_BRIEF:_
Look for the line that contains "this 1250×1875 image."; output that line and every line after it exactly, through the final line of the material below, and nothing else.

=== Begin Enclosure ===

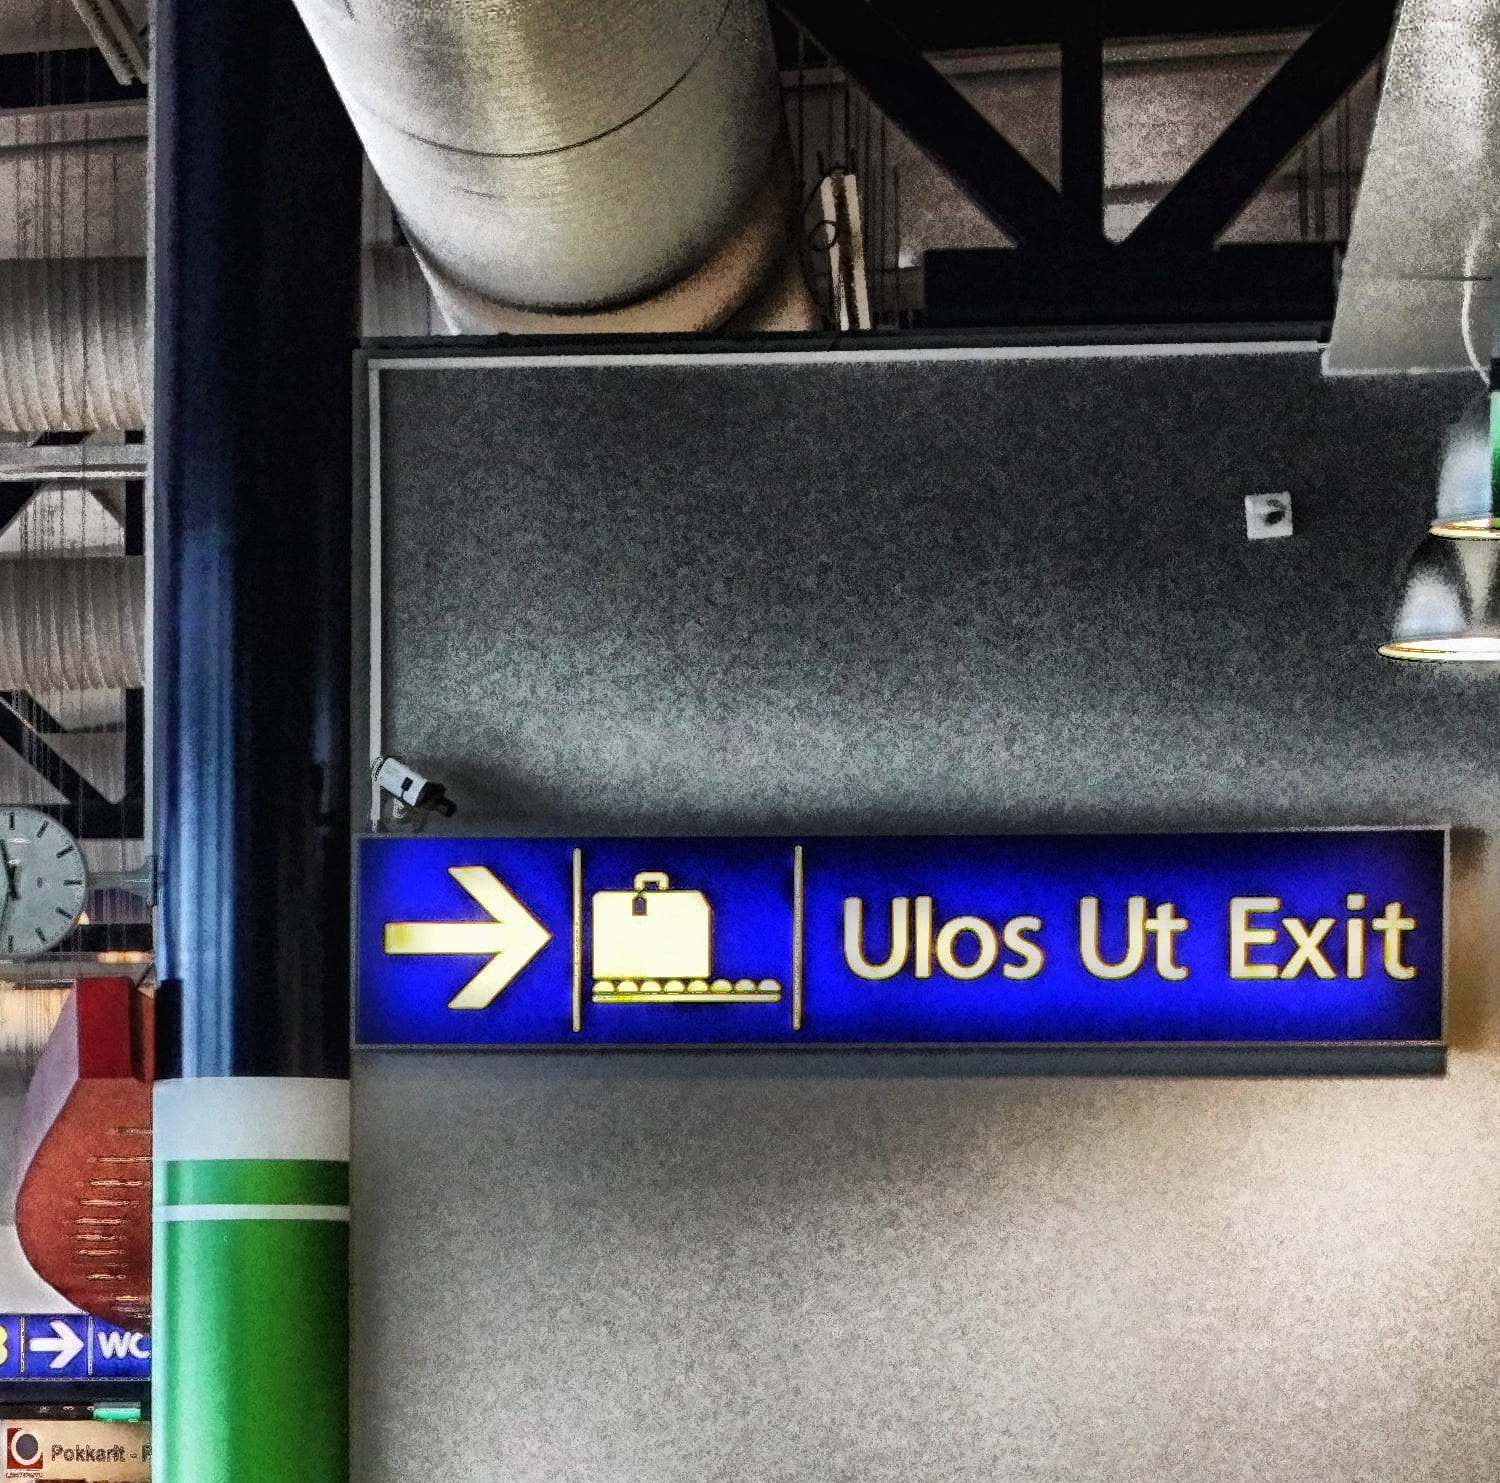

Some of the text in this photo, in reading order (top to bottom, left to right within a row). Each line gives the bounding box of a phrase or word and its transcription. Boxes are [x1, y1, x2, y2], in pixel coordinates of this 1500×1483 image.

[842, 892, 1418, 981] Ulos Ut Exit
[97, 1331, 151, 1359] WC
[51, 1444, 126, 1463] Pokkarit
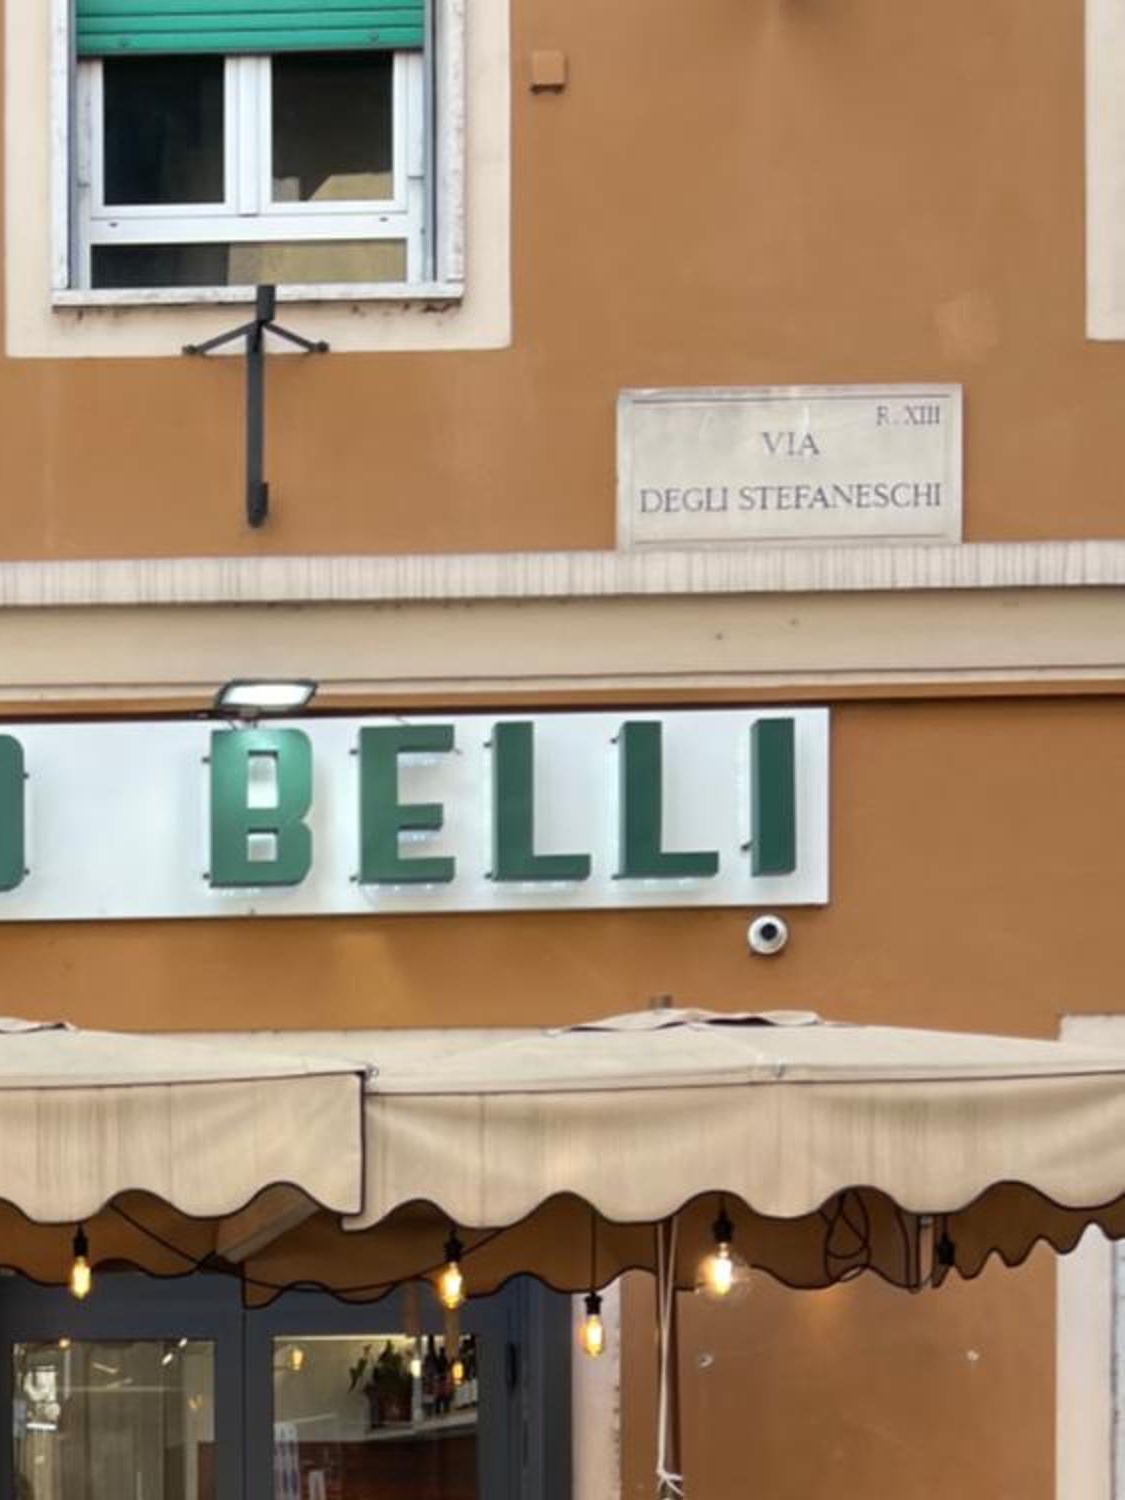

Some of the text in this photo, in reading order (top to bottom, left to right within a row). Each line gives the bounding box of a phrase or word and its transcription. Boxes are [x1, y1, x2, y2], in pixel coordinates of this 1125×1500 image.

[904, 404, 940, 424] XIII
[762, 431, 820, 456] VIA
[640, 483, 941, 512] DEGLI STEFANESCHI
[207, 717, 797, 887] BELLI
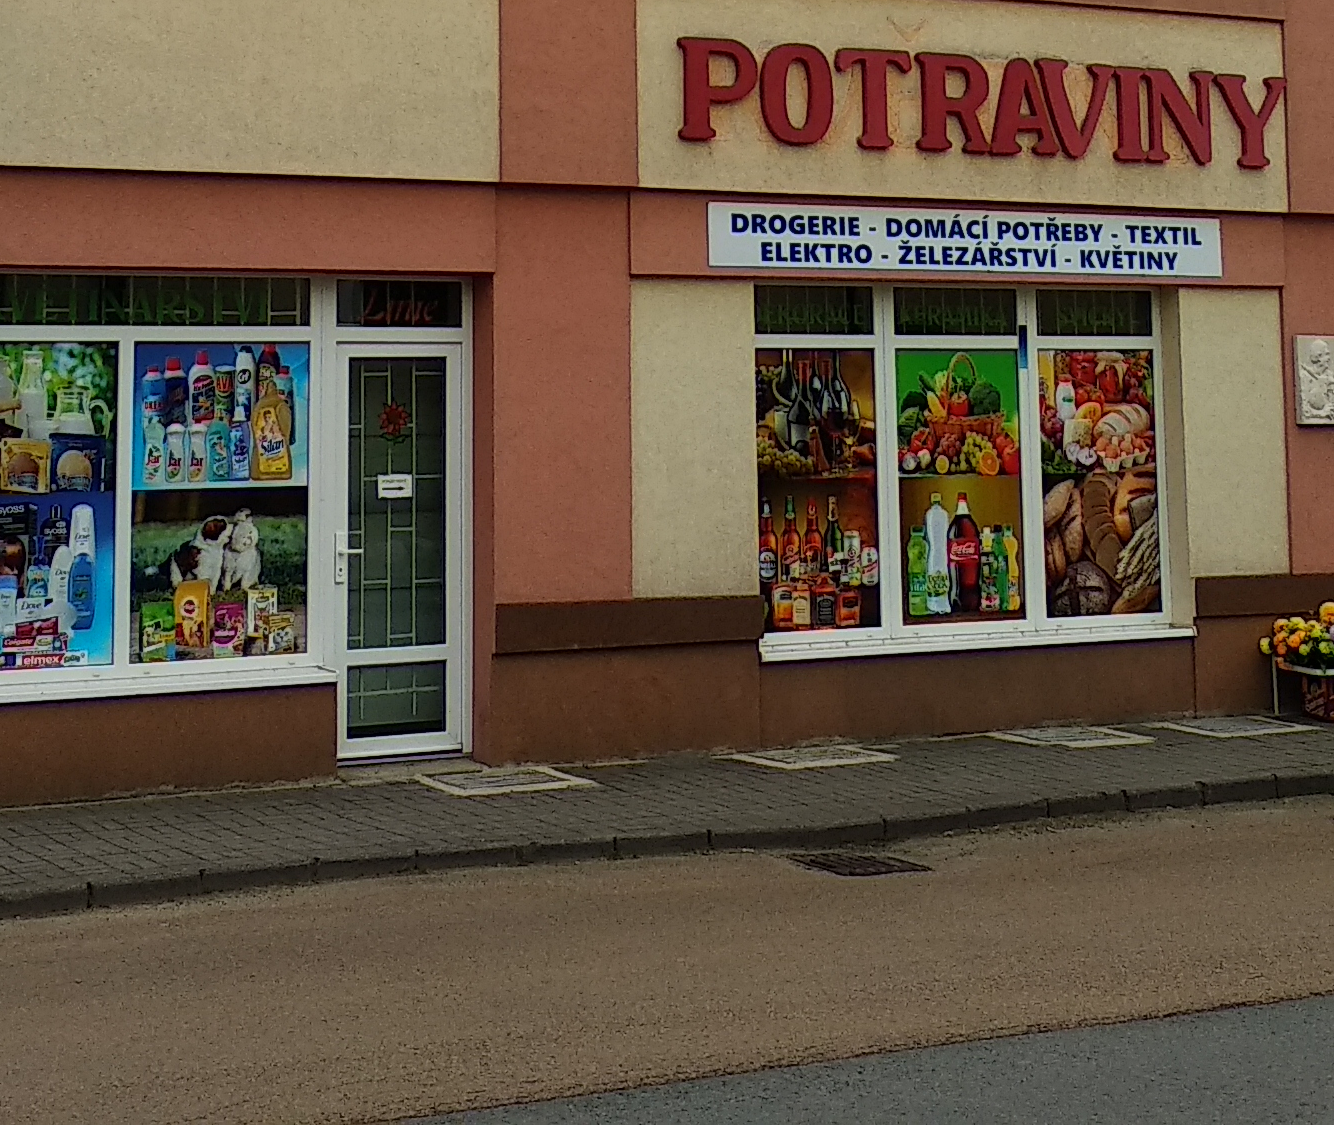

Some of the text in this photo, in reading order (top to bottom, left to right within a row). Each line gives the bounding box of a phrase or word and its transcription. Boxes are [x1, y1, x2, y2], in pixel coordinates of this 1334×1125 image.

[677, 37, 1287, 169] POTRAVINY
[730, 213, 861, 236] DROGERIE
[885, 214, 990, 240] DOMÁCÍ
[996, 217, 1104, 243] POTŘEBY
[1124, 225, 1203, 246] TEXTIL
[760, 242, 873, 264] ELEKTRO
[897, 240, 1057, 268] ŽELEZÁŘSTVÍ
[1079, 245, 1179, 271] KVĚTINY
[23, 655, 60, 665] elmex
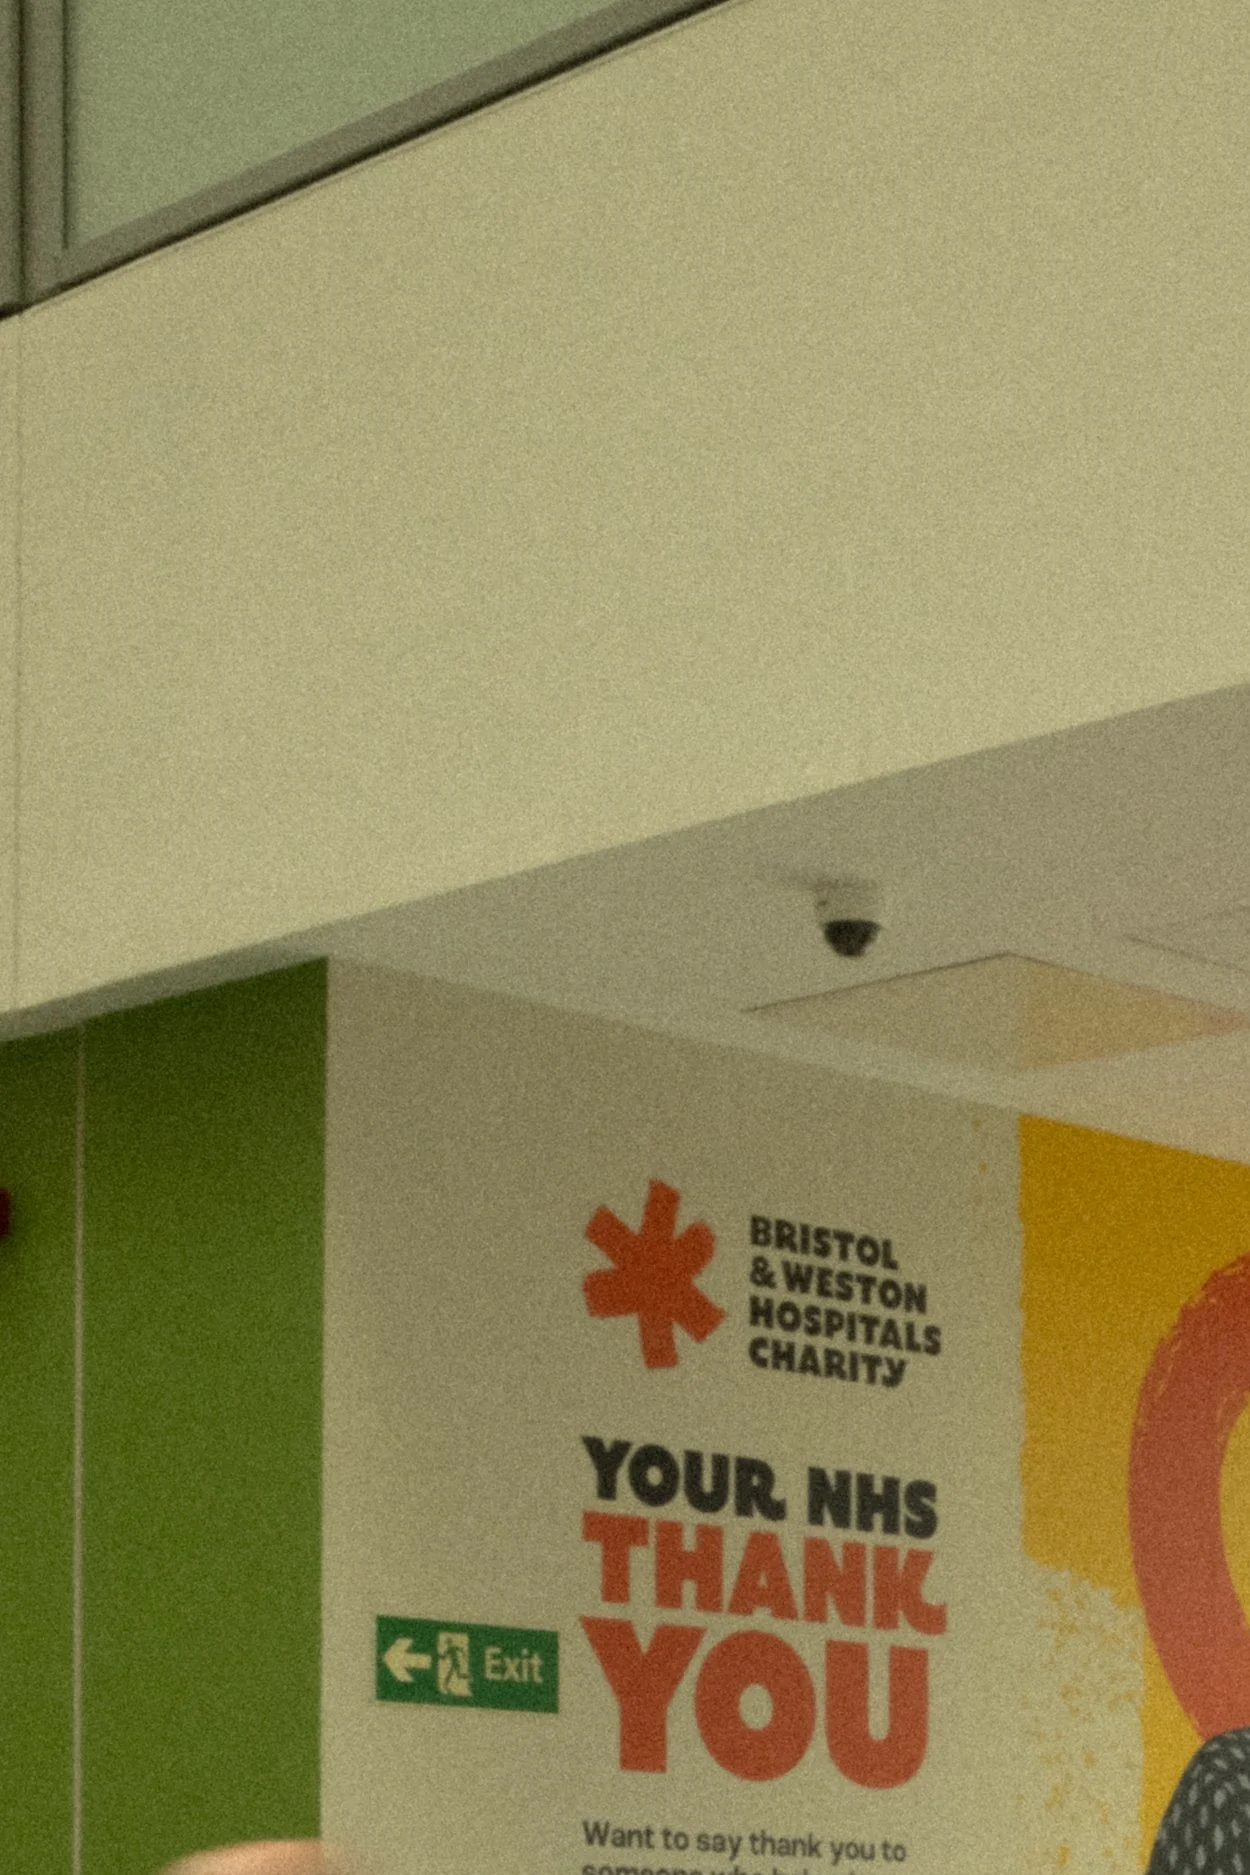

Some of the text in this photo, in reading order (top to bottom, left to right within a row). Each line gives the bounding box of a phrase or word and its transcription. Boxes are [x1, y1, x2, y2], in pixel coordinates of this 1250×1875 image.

[748, 1214, 899, 1270] BRISTOL
[749, 1255, 928, 1315] & WESTON
[748, 1295, 942, 1356] HOSPITALS
[748, 1337, 907, 1388] CHARITY
[582, 1435, 938, 1539] YOUR NHS
[583, 1511, 947, 1636] THANK
[484, 1646, 544, 1683] Exit
[580, 1616, 929, 1789] YOU
[583, 1821, 907, 1866] Want to say thank you to

=== End Enclosure ===

_TASK SOLUTION:_
Some of the text in this photo, in reading order (top to bottom, left to right within a row). Each line gives the bounding box of a phrase or word and its transcription. Boxes are [x1, y1, x2, y2], in pixel coordinates of this 1250×1875 image.

[748, 1214, 899, 1270] BRISTOL
[749, 1255, 928, 1315] & WESTON
[748, 1295, 942, 1356] HOSPITALS
[748, 1337, 907, 1388] CHARITY
[582, 1435, 938, 1539] YOUR NHS
[583, 1511, 947, 1636] THANK
[484, 1646, 544, 1683] Exit
[580, 1616, 929, 1789] YOU
[583, 1821, 907, 1866] Want to say thank you to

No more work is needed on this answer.